College football: UMD looks forward to a little home cookin’ to close out the regular season

Bulldogs end the year by playing four of five games at Malosky Stadium.

Minnesota Duluth running back Cazz Martin (28) runs for a touchdown against Wayne State Saturday, Sept. 25, 2021, at Malosky Stadium in Duluth. Martin leads the Bulldogs with 79 carries for 507 yards and four touchdowns this season. File / Duluth News Tribune

Minnesota Duluth football coach Curt Wiese isn’t one to look too far ahead but even he had to admit he likes what he sees over the next month.

That’s because the Bulldogs close out the regular season with four of their five remaining games at home.

The first of those home contests is 12:05 p.m. Saturday, when No. 18 UMD (5-1) hosts Concordia-St. Paul (1-5) on homecoming at Malosky Stadium.
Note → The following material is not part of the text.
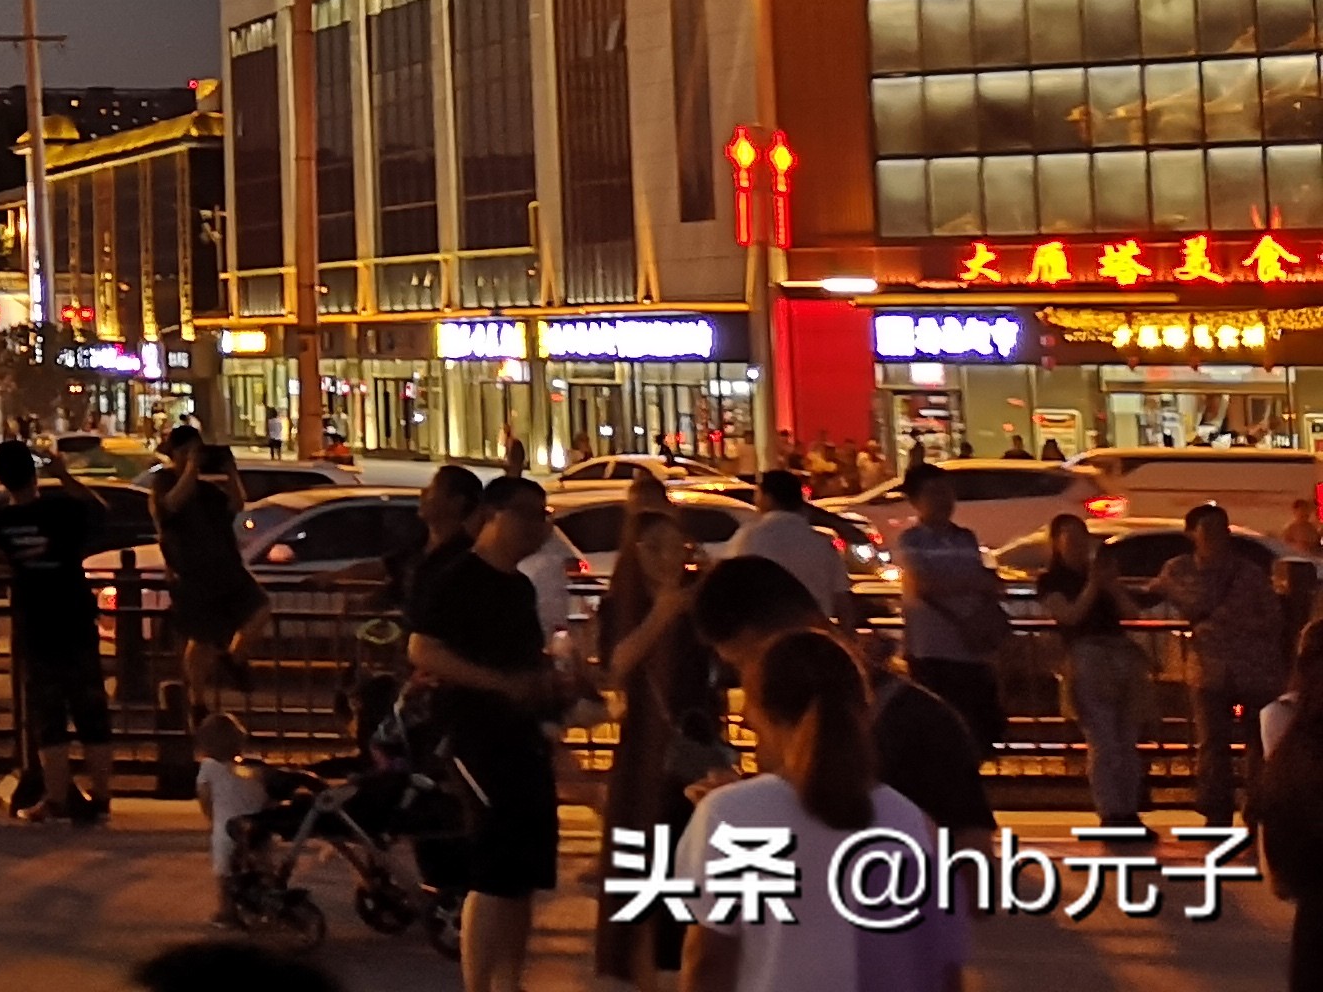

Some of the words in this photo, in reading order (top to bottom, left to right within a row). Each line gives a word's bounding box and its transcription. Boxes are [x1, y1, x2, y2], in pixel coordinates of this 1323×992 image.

[958, 234, 1302, 286] 大雁塔美食
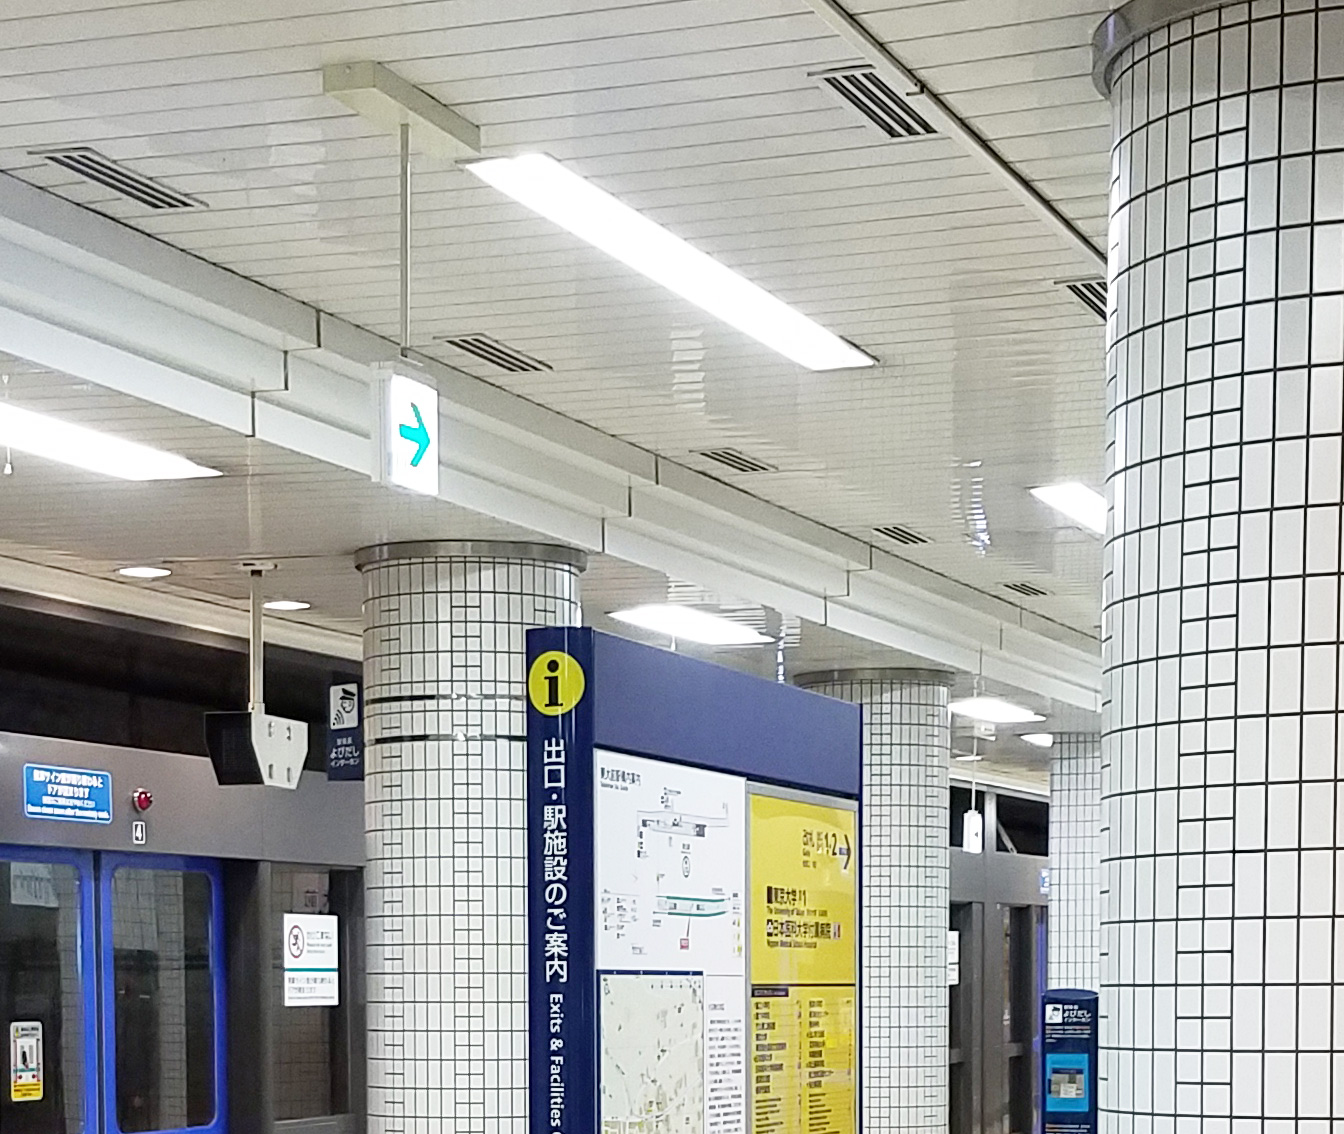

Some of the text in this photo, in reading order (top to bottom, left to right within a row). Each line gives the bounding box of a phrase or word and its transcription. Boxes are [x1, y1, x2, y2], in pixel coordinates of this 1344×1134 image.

“It’s fun to be able to close the year out like that, with only one road trip left,” Wiese said. “That’s a bonus for us hopefully at the end of year here. Honestly, I don’t think we’ve ever had this before, and I’m not sure how it happened.”

According to Nick Kornder, assistant commissioner for media relations with the NSIC, the league schedule became unbalanced when the league dropped to 14 teams.


Each team plays six in-division games and five out-of-division, with the first four weeks featuring out-of-division games alternating home and away for all teams.

The way the schedule worked out, UMD had six home games this year, with most of those coming at the back end of the schedule.

No team can have more than two home games or two away games in a row. UMD just came off a two-game road trip. After playing CSP this week, the Bulldogs are home to Bemidji State, off to Minot State and then back home for games against Augustana and Northern State Nov. 13 to close out the regular season.

No matter the quirkiness of how it worked out, the Bulldogs will gladly take it, as they are traditionally tough at home, including 12-0 in homecoming games since 2008.

“It’s exciting to be back in front of our home crowd,” said senior running back Cazz Martin. “It’s definitely a great feeling (to play four of the next five at home).”

“Concordia gets after it on defense. They’ve got some high guys on defense who have high motors, and really in this conference, especially this year, you can’t overlook a team just off their record. We’ve got to treat every game like our last game, or like a playoff game, because this year, everyone is beating everyone.”

Injury update

Wiese said that senior quarterback John Larson will play this week after missing the last two games with an injury.

Wiese was asked if Larson would start and the coach said, “potentially.”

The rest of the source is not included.